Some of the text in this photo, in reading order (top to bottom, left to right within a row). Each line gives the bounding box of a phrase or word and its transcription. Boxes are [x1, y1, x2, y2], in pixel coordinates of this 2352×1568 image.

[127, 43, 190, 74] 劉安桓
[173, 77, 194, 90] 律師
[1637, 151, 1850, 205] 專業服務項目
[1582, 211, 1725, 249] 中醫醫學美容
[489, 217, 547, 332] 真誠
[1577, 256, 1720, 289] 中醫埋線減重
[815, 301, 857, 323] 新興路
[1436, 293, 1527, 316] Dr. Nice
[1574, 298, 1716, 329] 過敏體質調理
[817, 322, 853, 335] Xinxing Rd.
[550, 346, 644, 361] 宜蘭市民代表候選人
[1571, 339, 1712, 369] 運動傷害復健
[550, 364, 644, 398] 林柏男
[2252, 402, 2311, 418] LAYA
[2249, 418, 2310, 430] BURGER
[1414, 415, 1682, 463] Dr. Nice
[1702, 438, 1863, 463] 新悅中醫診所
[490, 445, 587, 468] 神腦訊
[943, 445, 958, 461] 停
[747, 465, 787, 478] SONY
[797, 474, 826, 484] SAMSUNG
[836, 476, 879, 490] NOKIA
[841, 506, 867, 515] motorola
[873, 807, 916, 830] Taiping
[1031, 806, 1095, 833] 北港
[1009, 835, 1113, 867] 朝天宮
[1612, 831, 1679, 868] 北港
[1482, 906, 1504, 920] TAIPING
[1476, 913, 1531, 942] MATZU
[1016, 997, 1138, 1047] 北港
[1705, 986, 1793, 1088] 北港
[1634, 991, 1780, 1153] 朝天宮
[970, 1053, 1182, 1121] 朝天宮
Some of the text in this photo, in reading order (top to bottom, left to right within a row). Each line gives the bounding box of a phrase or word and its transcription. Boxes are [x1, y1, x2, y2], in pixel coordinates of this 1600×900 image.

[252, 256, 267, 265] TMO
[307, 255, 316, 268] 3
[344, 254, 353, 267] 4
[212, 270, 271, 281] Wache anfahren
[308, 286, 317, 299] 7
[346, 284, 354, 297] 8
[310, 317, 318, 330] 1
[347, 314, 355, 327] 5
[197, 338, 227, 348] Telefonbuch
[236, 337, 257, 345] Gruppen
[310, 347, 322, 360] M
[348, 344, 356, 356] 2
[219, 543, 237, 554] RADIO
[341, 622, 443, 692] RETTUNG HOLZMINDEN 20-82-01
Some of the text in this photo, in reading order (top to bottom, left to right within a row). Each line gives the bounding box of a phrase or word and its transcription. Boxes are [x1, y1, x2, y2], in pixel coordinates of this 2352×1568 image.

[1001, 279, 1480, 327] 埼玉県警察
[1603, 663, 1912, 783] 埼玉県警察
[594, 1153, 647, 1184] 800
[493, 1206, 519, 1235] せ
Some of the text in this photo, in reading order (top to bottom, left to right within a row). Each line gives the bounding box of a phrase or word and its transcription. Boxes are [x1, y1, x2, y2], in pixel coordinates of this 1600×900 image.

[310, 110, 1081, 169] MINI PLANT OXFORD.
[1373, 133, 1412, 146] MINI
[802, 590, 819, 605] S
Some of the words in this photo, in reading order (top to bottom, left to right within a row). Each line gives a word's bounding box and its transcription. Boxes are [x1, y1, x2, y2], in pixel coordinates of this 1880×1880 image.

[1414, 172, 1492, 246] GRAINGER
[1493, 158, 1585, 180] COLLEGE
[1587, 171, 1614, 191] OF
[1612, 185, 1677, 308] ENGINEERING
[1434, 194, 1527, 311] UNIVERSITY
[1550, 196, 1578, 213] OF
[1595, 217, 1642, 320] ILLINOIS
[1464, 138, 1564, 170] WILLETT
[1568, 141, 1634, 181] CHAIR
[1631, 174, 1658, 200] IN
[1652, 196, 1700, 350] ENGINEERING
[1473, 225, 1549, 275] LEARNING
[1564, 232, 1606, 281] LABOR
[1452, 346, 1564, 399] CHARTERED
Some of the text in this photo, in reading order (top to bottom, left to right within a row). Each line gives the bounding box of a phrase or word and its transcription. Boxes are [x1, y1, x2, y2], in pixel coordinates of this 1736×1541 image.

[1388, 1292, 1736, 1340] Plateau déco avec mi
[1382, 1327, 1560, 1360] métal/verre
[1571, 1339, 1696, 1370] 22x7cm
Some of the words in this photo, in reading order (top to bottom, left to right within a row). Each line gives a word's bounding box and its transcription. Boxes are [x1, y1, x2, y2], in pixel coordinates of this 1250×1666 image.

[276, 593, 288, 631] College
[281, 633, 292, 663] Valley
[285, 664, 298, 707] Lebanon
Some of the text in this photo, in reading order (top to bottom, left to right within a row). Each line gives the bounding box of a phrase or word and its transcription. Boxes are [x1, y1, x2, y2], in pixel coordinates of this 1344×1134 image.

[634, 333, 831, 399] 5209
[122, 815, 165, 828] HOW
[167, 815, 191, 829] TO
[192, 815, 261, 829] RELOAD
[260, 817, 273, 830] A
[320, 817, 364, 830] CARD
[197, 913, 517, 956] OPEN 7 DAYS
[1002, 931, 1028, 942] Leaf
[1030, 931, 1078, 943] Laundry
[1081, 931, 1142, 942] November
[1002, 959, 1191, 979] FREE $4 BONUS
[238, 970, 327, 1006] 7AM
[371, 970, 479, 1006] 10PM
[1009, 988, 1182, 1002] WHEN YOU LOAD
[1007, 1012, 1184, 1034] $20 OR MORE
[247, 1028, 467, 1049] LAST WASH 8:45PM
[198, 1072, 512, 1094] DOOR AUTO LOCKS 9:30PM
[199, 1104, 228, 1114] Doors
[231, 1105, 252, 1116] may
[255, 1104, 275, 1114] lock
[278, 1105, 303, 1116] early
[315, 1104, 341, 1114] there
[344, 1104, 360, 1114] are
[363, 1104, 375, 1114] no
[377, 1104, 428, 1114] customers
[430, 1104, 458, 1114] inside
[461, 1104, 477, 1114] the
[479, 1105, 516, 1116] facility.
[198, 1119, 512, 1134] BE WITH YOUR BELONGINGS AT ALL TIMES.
____________
→ Your assignment
The records above must be printed again in full, exactly as written.

→ Written answer
Some of the text in this photo, in reading order (top to bottom, left to right within a row). Each line gives the bounding box of a phrase or word and its transcription. Boxes are [x1, y1, x2, y2], in pixel coordinates of this 2352×1568 image.

[127, 43, 190, 74] 劉安桓
[173, 77, 194, 90] 律師
[1637, 151, 1850, 205] 專業服務項目
[1582, 211, 1725, 249] 中醫醫學美容
[489, 217, 547, 332] 真誠
[1577, 256, 1720, 289] 中醫埋線減重
[815, 301, 857, 323] 新興路
[1436, 293, 1527, 316] Dr. Nice
[1574, 298, 1716, 329] 過敏體質調理
[817, 322, 853, 335] Xinxing Rd.
[550, 346, 644, 361] 宜蘭市民代表候選人
[1571, 339, 1712, 369] 運動傷害復健
[550, 364, 644, 398] 林柏男
[2252, 402, 2311, 418] LAYA
[2249, 418, 2310, 430] BURGER
[1414, 415, 1682, 463] Dr. Nice
[1702, 438, 1863, 463] 新悅中醫診所
[490, 445, 587, 468] 神腦訊
[943, 445, 958, 461] 停
[747, 465, 787, 478] SONY
[797, 474, 826, 484] SAMSUNG
[836, 476, 879, 490] NOKIA
[841, 506, 867, 515] motorola
[873, 807, 916, 830] Taiping
[1031, 806, 1095, 833] 北港
[1009, 835, 1113, 867] 朝天宮
[1612, 831, 1679, 868] 北港
[1482, 906, 1504, 920] TAIPING
[1476, 913, 1531, 942] MATZU
[1016, 997, 1138, 1047] 北港
[1705, 986, 1793, 1088] 北港
[1634, 991, 1780, 1153] 朝天宮
[970, 1053, 1182, 1121] 朝天宮
Some of the text in this photo, in reading order (top to bottom, left to right within a row). Each line gives the bounding box of a phrase or word and its transcription. Boxes are [x1, y1, x2, y2], in pixel coordinates of this 1600×900 image.

[252, 256, 267, 265] TMO
[307, 255, 316, 268] 3
[344, 254, 353, 267] 4
[212, 270, 271, 281] Wache anfahren
[308, 286, 317, 299] 7
[346, 284, 354, 297] 8
[310, 317, 318, 330] 1
[347, 314, 355, 327] 5
[197, 338, 227, 348] Telefonbuch
[236, 337, 257, 345] Gruppen
[310, 347, 322, 360] M
[348, 344, 356, 356] 2
[219, 543, 237, 554] RADIO
[341, 622, 443, 692] RETTUNG HOLZMINDEN 20-82-01
Some of the text in this photo, in reading order (top to bottom, left to right within a row). Each line gives the bounding box of a phrase or word and its transcription. Boxes are [x1, y1, x2, y2], in pixel coordinates of this 2352×1568 image.

[1001, 279, 1480, 327] 埼玉県警察
[1603, 663, 1912, 783] 埼玉県警察
[594, 1153, 647, 1184] 800
[493, 1206, 519, 1235] せ
Some of the text in this photo, in reading order (top to bottom, left to right within a row). Each line gives the bounding box of a phrase or word and its transcription. Boxes are [x1, y1, x2, y2], in pixel coordinates of this 1600×900 image.

[310, 110, 1081, 169] MINI PLANT OXFORD.
[1373, 133, 1412, 146] MINI
[802, 590, 819, 605] S
Some of the words in this photo, in reading order (top to bottom, left to right within a row). Each line gives a word's bounding box and its transcription. Boxes are [x1, y1, x2, y2], in pixel coordinates of this 1880×1880 image.

[1414, 172, 1492, 246] GRAINGER
[1493, 158, 1585, 180] COLLEGE
[1587, 171, 1614, 191] OF
[1612, 185, 1677, 308] ENGINEERING
[1434, 194, 1527, 311] UNIVERSITY
[1550, 196, 1578, 213] OF
[1595, 217, 1642, 320] ILLINOIS
[1464, 138, 1564, 170] WILLETT
[1568, 141, 1634, 181] CHAIR
[1631, 174, 1658, 200] IN
[1652, 196, 1700, 350] ENGINEERING
[1473, 225, 1549, 275] LEARNING
[1564, 232, 1606, 281] LABOR
[1452, 346, 1564, 399] CHARTERED
Some of the text in this photo, in reading order (top to bottom, left to right within a row). Each line gives the bounding box of a phrase or word and its transcription. Boxes are [x1, y1, x2, y2], in pixel coordinates of this 1736×1541 image.

[1388, 1292, 1736, 1340] Plateau déco avec mi
[1382, 1327, 1560, 1360] métal/verre
[1571, 1339, 1696, 1370] 22x7cm
Some of the words in this photo, in reading order (top to bottom, left to right within a row). Each line gives a word's bounding box and its transcription. Boxes are [x1, y1, x2, y2], in pixel coordinates of this 1250×1666 image.

[276, 593, 288, 631] College
[281, 633, 292, 663] Valley
[285, 664, 298, 707] Lebanon
Some of the text in this photo, in reading order (top to bottom, left to right within a row). Each line gives the bounding box of a phrase or word and its transcription. Boxes are [x1, y1, x2, y2], in pixel coordinates of this 1344×1134 image.

[634, 333, 831, 399] 5209
[122, 815, 165, 828] HOW
[167, 815, 191, 829] TO
[192, 815, 261, 829] RELOAD
[260, 817, 273, 830] A
[320, 817, 364, 830] CARD
[197, 913, 517, 956] OPEN 7 DAYS
[1002, 931, 1028, 942] Leaf
[1030, 931, 1078, 943] Laundry
[1081, 931, 1142, 942] November
[1002, 959, 1191, 979] FREE $4 BONUS
[238, 970, 327, 1006] 7AM
[371, 970, 479, 1006] 10PM
[1009, 988, 1182, 1002] WHEN YOU LOAD
[1007, 1012, 1184, 1034] $20 OR MORE
[247, 1028, 467, 1049] LAST WASH 8:45PM
[198, 1072, 512, 1094] DOOR AUTO LOCKS 9:30PM
[199, 1104, 228, 1114] Doors
[231, 1105, 252, 1116] may
[255, 1104, 275, 1114] lock
[278, 1105, 303, 1116] early
[315, 1104, 341, 1114] there
[344, 1104, 360, 1114] are
[363, 1104, 375, 1114] no
[377, 1104, 428, 1114] customers
[430, 1104, 458, 1114] inside
[461, 1104, 477, 1114] the
[479, 1105, 516, 1116] facility.
[198, 1119, 512, 1134] BE WITH YOUR BELONGINGS AT ALL TIMES.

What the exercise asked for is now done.